## [Action item]
Each record that follows should be transcribed word for word.

## [Material to process]
+---+

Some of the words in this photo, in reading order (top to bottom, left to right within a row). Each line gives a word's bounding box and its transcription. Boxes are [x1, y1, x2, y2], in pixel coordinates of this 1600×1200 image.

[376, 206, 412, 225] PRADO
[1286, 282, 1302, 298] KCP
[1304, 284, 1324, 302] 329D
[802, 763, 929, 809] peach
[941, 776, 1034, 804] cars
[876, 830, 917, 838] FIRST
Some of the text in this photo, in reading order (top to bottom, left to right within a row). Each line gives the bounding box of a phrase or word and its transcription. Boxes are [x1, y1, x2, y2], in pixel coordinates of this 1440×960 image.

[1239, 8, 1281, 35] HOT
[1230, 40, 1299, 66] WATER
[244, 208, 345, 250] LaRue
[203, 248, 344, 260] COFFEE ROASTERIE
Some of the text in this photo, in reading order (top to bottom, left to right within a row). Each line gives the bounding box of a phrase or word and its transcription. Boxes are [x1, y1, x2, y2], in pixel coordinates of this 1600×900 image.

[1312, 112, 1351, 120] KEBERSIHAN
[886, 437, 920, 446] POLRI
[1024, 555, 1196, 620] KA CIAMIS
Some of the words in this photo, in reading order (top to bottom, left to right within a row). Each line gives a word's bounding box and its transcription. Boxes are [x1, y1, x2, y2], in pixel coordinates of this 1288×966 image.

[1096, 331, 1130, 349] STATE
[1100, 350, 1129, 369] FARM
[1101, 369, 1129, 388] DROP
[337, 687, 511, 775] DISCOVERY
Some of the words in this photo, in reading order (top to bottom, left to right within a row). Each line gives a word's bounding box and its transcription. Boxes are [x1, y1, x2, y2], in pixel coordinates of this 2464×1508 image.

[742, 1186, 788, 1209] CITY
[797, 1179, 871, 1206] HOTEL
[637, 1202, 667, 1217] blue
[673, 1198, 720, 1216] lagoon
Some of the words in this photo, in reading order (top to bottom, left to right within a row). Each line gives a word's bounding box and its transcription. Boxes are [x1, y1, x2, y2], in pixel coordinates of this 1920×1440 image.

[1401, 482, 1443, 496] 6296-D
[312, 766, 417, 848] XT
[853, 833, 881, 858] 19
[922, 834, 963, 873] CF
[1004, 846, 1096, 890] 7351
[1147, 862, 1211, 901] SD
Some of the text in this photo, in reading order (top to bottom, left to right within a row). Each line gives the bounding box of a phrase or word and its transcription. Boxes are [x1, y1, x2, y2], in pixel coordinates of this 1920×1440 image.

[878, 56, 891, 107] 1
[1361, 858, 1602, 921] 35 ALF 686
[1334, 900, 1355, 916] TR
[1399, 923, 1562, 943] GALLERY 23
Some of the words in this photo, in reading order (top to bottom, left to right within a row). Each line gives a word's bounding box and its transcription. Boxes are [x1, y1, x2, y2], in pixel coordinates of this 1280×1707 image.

+---+

## [Completed exercise]
Some of the words in this photo, in reading order (top to bottom, left to right within a row). Each line gives a word's bounding box and its transcription. Boxes are [x1, y1, x2, y2], in pixel coordinates of this 1600×1200 image.

[376, 206, 412, 225] PRADO
[1286, 282, 1302, 298] KCP
[1304, 284, 1324, 302] 329D
[802, 763, 929, 809] peach
[941, 776, 1034, 804] cars
[876, 830, 917, 838] FIRST
Some of the text in this photo, in reading order (top to bottom, left to right within a row). Each line gives the bounding box of a phrase or word and its transcription. Boxes are [x1, y1, x2, y2], in pixel coordinates of this 1440×960 image.

[1239, 8, 1281, 35] HOT
[1230, 40, 1299, 66] WATER
[244, 208, 345, 250] LaRue
[203, 248, 344, 260] COFFEE ROASTERIE
Some of the text in this photo, in reading order (top to bottom, left to right within a row). Each line gives the bounding box of a phrase or word and its transcription. Boxes are [x1, y1, x2, y2], in pixel coordinates of this 1600×900 image.

[1312, 112, 1351, 120] KEBERSIHAN
[886, 437, 920, 446] POLRI
[1024, 555, 1196, 620] KA CIAMIS
Some of the words in this photo, in reading order (top to bottom, left to right within a row). Each line gives a word's bounding box and its transcription. Boxes are [x1, y1, x2, y2], in pixel coordinates of this 1288×966 image.

[1096, 331, 1130, 349] STATE
[1100, 350, 1129, 369] FARM
[1101, 369, 1129, 388] DROP
[337, 687, 511, 775] DISCOVERY
Some of the words in this photo, in reading order (top to bottom, left to right within a row). Each line gives a word's bounding box and its transcription. Boxes are [x1, y1, x2, y2], in pixel coordinates of this 2464×1508 image.

[742, 1186, 788, 1209] CITY
[797, 1179, 871, 1206] HOTEL
[637, 1202, 667, 1217] blue
[673, 1198, 720, 1216] lagoon
Some of the words in this photo, in reading order (top to bottom, left to right within a row). Each line gives a word's bounding box and its transcription. Boxes are [x1, y1, x2, y2], in pixel coordinates of this 1920×1440 image.

[1401, 482, 1443, 496] 6296-D
[312, 766, 417, 848] XT
[853, 833, 881, 858] 19
[922, 834, 963, 873] CF
[1004, 846, 1096, 890] 7351
[1147, 862, 1211, 901] SD
Some of the text in this photo, in reading order (top to bottom, left to right within a row). Each line gives the bounding box of a phrase or word and its transcription. Boxes are [x1, y1, x2, y2], in pixel coordinates of this 1920×1440 image.

[878, 56, 891, 107] 1
[1361, 858, 1602, 921] 35 ALF 686
[1334, 900, 1355, 916] TR
[1399, 923, 1562, 943] GALLERY 23
Some of the words in this photo, in reading order (top to bottom, left to right within a row). Each line gives a word's bounding box and its transcription. Boxes are [x1, y1, x2, y2], in pixel coordinates of this 1280×1707 image.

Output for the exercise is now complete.